I don't blame them though, they weren't trying to bother me, they were trying to hold on to the last strains of humanity that Kroger afforded them. I just wish they could have found a way to do so that didn't involve me. Before I knew it, my time would be whittled down to a meager 2 minutes, the point at which the overwhelming sense of dread and doom consumed the average worker. It was this terror that could only be felt in the pit of the stomach, twisting and knotting its self around the soul, obliterating all memories of joy and self worth. It was time to resume life amongst the horde; it was time to face the locusts.

"Yes mam, you can make exchanges at customer service.....No sir rain checks can not be used on multiple orders....Kalisha the code is 4011....I apologize miss I'll have someone help you out to your car immediately...Well sir we are having a sale, most items on sale will be running low by this time of day...Sir, I don't control what they do at other Krogers, at this one rain checks are void after their first use....I'll have someone check in the back....Why isn't Jeremy getting carts? Well who is getting carts? Why is she getting carts? She has carts at 8 not 7. You can't just switch cart times without telling me No, don't leave I'll get Jeremy.....Sir, I can get you a manger if you want, but he'll tell you what I'm telling you, the rain check issue isn't negotiable....Why isn't Dana at her register? You don't think that's something you should have told me?....No you can't take your break, you've were outside for ten minutes talking instead of getting carts, I'm pushing your break back until 7:45. The hell I can't. Ok, go ahead and quit it isn't like you do a whole lot of work anyway....WHERE IS DANA DAMN IT?"

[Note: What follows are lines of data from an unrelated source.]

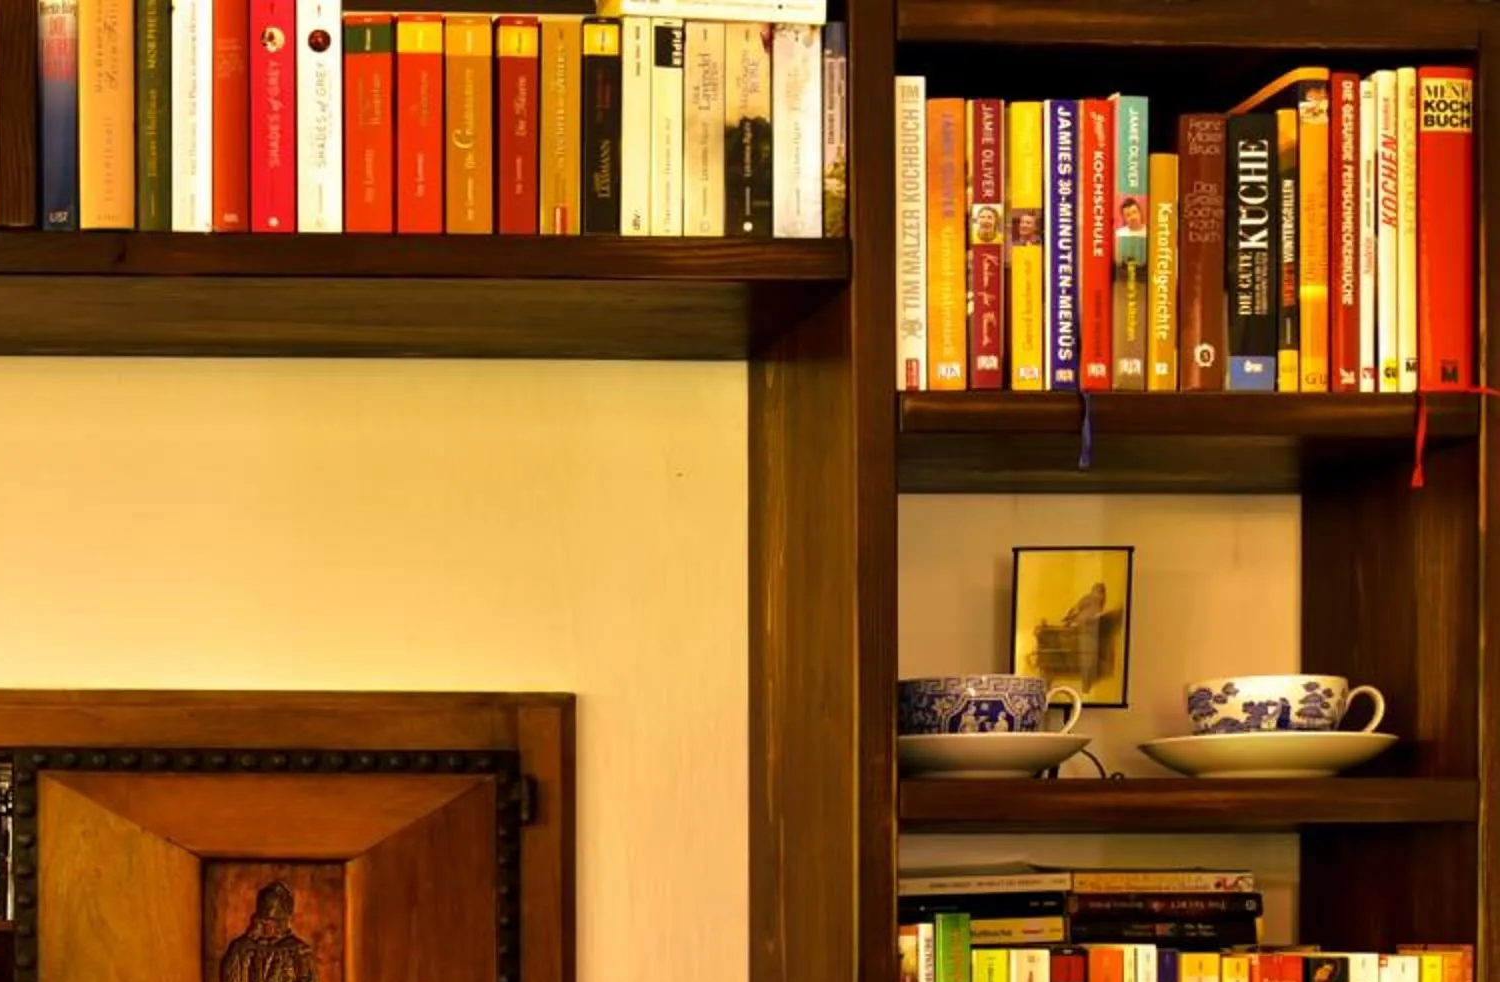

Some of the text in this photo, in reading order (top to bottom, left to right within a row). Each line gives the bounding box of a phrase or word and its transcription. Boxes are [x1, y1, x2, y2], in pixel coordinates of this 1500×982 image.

[267, 60, 281, 99] GREY
[269, 98, 284, 112] of
[314, 61, 327, 97] GREY
[315, 99, 329, 113] of
[697, 52, 710, 111] Lavendel
[1423, 100, 1471, 113] KOCH
[268, 113, 282, 169] SHADES
[314, 115, 327, 169] SHADES
[981, 103, 995, 199] JAMIE OLIVER
[1127, 107, 1140, 188] JAMIE OLIVER
[1341, 80, 1356, 161] DIE GESUNDE
[1423, 114, 1471, 129] BUCH
[901, 108, 921, 312] TIM KOCHBUCH
[1092, 150, 1105, 258] KOCHSCHULE
[1380, 132, 1398, 230] KOCHEN
[1057, 105, 1073, 361] JAMIES 30-MINUTEN-MENÜS
[1283, 179, 1296, 263] WINTERGRILLEN
[1152, 202, 1172, 341] Kartoffelgerichte
[1237, 252, 1253, 316] DIE GUTE

9 hours most days (up to 15 some days), over 40 hours a week of bickering and pettiness, and swollen feet, and bloodshot eyes. For Under 300 dollars a week. I know I worked harder than 300 dollars a week. I know because I wasn't really a supervisor...I was a janitor, a baby sitter, a secretary, a customer service rep, a mediator and a counselor, and an accountant.

But every week I'd rip open my check and feel a flood of mixed emotions. Happy I wasn't making minimum wage anymore, upset I received such ridiculous compensation for smiling at customers while they spewed flecks of spit on my face as they complained about having to wait 2 extra minutes for a propane exchange. My only consolation was that I was somewhat lucky; some of my fellow employees had to raise a family on less.

By 10 it would be quiet, only a few customers remained walking down the bare aisles picked clean like a carcass. The store usually played better music at night, because god forbid the daytime customers be exposed to the hyper sexualized and offensive lyrics of Earth Wind and Fire and Bobby Caldwell. Usually by this time I'd set about my task of counting down the registers, filling the change machines up and preparing the store for the night shift. It was always a relief when I could lock myself in the safe room, blast Illmatic at concert level decibels, and count money in piece.

Thousands would sit before me, all neatly packaged in bundles of large and small denominations. The store took in more money in one day than I'd make all year. And it all went to paying for the red and ash gray shirts I had to wear, the spill magic cleaner that resembled blue asbestos, and mostly in to the pocket of some big wig executive that I'd never meet unless he needed a photo op with a Black employee.

If I focused I could get out before midnight, usually minutes before my ride called it quits and left without me. As I walked out the night shift walked in, fresh and ready to make the store ready for customers in the morning.

"Hey Manuel..."

"Hey Aaron...u look tired man"

"Yeah, I'm so sick of this place...today was a bitch. The Customers were
relentless; it was like a zombie movie."

"If there were no customers we'd both be unemployed."

"Been reading the employee info posters again?"

"When do you leave?"

"September, my last day is the 3rd."

"Good luck man, study hard."

"Yeah, I don't plan on coming back here."

"It aint so bad, I mean it’s helping to pay for my tuition."

"You started school again?"

"Of course man, I'm moving on to bigger and better things."